I am asking for your understanding. Perhaps I am speaking a prophetic voice for Seminarians in and beyond our Liberal Faith. I am writing to all so I can ask for this favor, this boon.
Please stop giving me books you think I just have to read… please!
I know you have the best of intentions. I know the books are amazing, and probably transformative. I know you would love to have a conversation about this book that has meant so much to you. I know you do not mean to give me a book that will sit on the shelf next to my desk, along with the dozens of books that I have to read for classes, taunting me, mocking me in my inability to read three books every day.
For some, it is understandable. Not being in seminary you probably don’t know that I read between 3-5 books per week just to be able to sound intelligent in my classes. You might not know that there is a list of dozens of books beyond what I read for classes that the Ministerial Fellowship Committee requires of anyone who wants to be fellowshipped as a UU Minister. Perhaps you don’t realize that on top of all my other reading, I try to read something from a sacred scripture everyday, from the Bible to the Sutras to the Koran. And I have found if I want to sleep I need to read a few pages of senseless science fiction so my brain can slow down.
However, what is understandable in an enthusiastic lay-person is inexcusable in a minister. Ministers should remember… the only thing I can figure is that ministers remember others doing this to them, and so they continue the guilt-creating chain of books.
I’ve tried to tell people this when they, with great excitement tell me “Oh David, you just have to read this book, it has meant so much to me! I would love to talk about it with you!” I have tried to tell them that I just can’t. When books have appeared in my mailbox or on my desk, or worse when someone hands me a book after I preach, asking if they can come in to talk about it the following Wednesday, I feel like I want to pull my hair out.
However, I dutifully place the book on the shelf next to my desk with all the other books I have to read. When reading time comes, I pick up the next book I have to have read for class… and the book someone gave me sits there, mocking me, creating unjust feelings of inadequacy. I then find myself trying to avoid the person who gave me the book, because I don’t want to admit that passing my classes is more important to me than the book they feel so strongly about.
I want the book recommendations, I really do… but understand that it will be years before I get to reading any of them. I keep a list of all the books I want to read, and when classes are over I will treasure that list. I will even try to email the person who recommended the book to me when I finally get to it.

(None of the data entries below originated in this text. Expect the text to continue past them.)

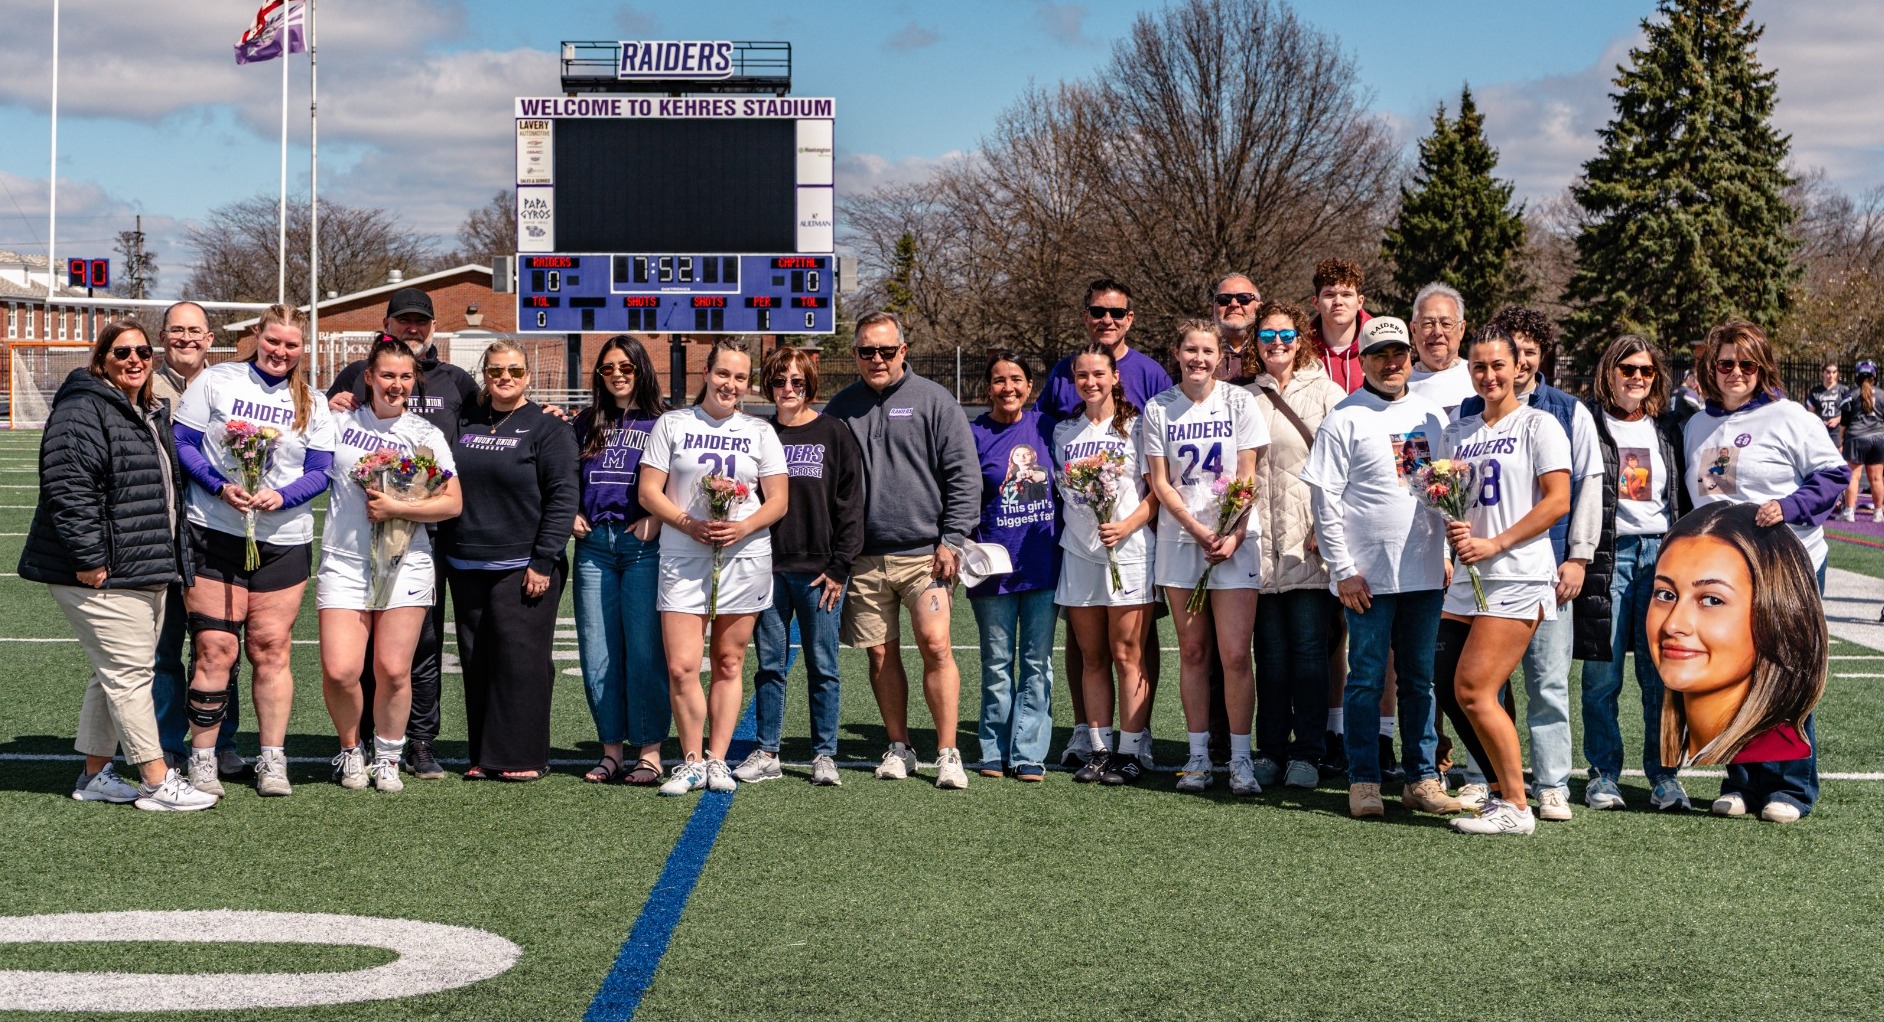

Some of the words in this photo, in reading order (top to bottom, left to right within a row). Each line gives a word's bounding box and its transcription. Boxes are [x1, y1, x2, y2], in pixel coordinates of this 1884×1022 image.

[620, 42, 732, 72] RAIDERS
[521, 99, 621, 116] WELCOME
[628, 99, 651, 116] TO
[659, 99, 736, 116] KEHRES
[743, 99, 832, 116] STADIUM
[519, 121, 549, 130] LAVERY
[524, 198, 547, 209] PAPA
[520, 210, 551, 219] GYROS
[533, 257, 571, 267] RAIDERS
[778, 257, 817, 268] CAPITAL
[71, 259, 106, 286] 90
[548, 271, 560, 291] 0
[807, 271, 819, 291] 0
[532, 296, 549, 307] TOL
[627, 296, 657, 307] SHOTS
[694, 297, 724, 307] SHOTS
[753, 297, 771, 307] PER
[801, 297, 818, 307] TOL
[537, 311, 547, 327] 0
[805, 312, 815, 328] 0
[1370, 322, 1404, 336] RAIDERS
[231, 398, 297, 427] RAIDER
[1821, 401, 1836, 417] 25
[1168, 420, 1233, 443] RAIDERS
[683, 433, 751, 455] RAIDERS
[602, 448, 627, 469] M
[783, 444, 825, 463] DERS
[1177, 442, 1224, 486] 24
[787, 466, 822, 479] ACROSSE
[1001, 503, 1026, 515] This
[1027, 499, 1053, 514] girl's
[996, 513, 1039, 528] biggest

However, this morning I am declaring myself free of the guilt and feelings of inadequacy that these books instill. I am going to directly say to you, when you hand me a book I just have to read, “I just can’t, not for a few years.” I will not be swayed by the wounded looks, or the hangdog eyes, or the assurances that it will not take all that long and that it will really help me in becoming a minister. I’m sure all of this is true, and it does not change anything. I may even try to give the book back to you.
If there is a book you want me to read, wonderful. Email me the details. It will go on the list. I’m certain there will be times when I am begging for books to read… when the Ministerial Fellowship Committee is behind me, when I have my degree from Meadville Lombard, and when I am searching for ideas to preach another sermon on something I have preached about every Sunday for ten years. But that time is not now… so please, please…
Have mercy!
Yours in Faith,
David
YES YES YES YES YES!!!!
Told just yesterday about a book that’s “really difficult to read, and written in an archaic way, but really, you should read it!”
Oh, but David dear, haven’t you read. . . . . .
Amen, brother. And, may I add a plea for a moratorium on “there’s this workshop you should take… this speaker you should hear… this video you need to watch… this research you need to be aware of…”? There are only so many hours in the day – I still need to write sermons & attend committee meetings, and participate in clergy meetings – and at the end of the day, I kind of like to spend with my spouse. (what a concept!)
Clearly, you are not far enough along in your seminary education to have learned of the doctrine of “Salvation by Bibliography.” By all means take these books (with the caveat that once it gets in among yours it is not likely to EVER find its way home again), and let them pile up at your bedside, in your bookshelves, in stacks of books on the floor near your bookshelves…just like the rest of us do. It’s an occupational hazard, and I don’t think we will ever be free of it either, although google is making these vast libraries of books less and less necessary in a minister’s life. And by all means read them in your own good time, or keep them on a list of good books you should but will probably never read in this lifetime. My experience is that once I made it clear that if they lent me the book they were never going to see it again, the number of “must read” books I had thrust upon me diminished considerably…those who were willing to part with their copies I typically read willingly; the bibliographic cites went on to the “in the fullness of time” list quite comfortably right alongside all of the things I have added to that list myself.
Eclectic Cleric…
Good advice… but there is another consideration…
I live in on the top floor of a three story walk up in Chicago….
What books go up, must someday come down… And books are bloody heavy.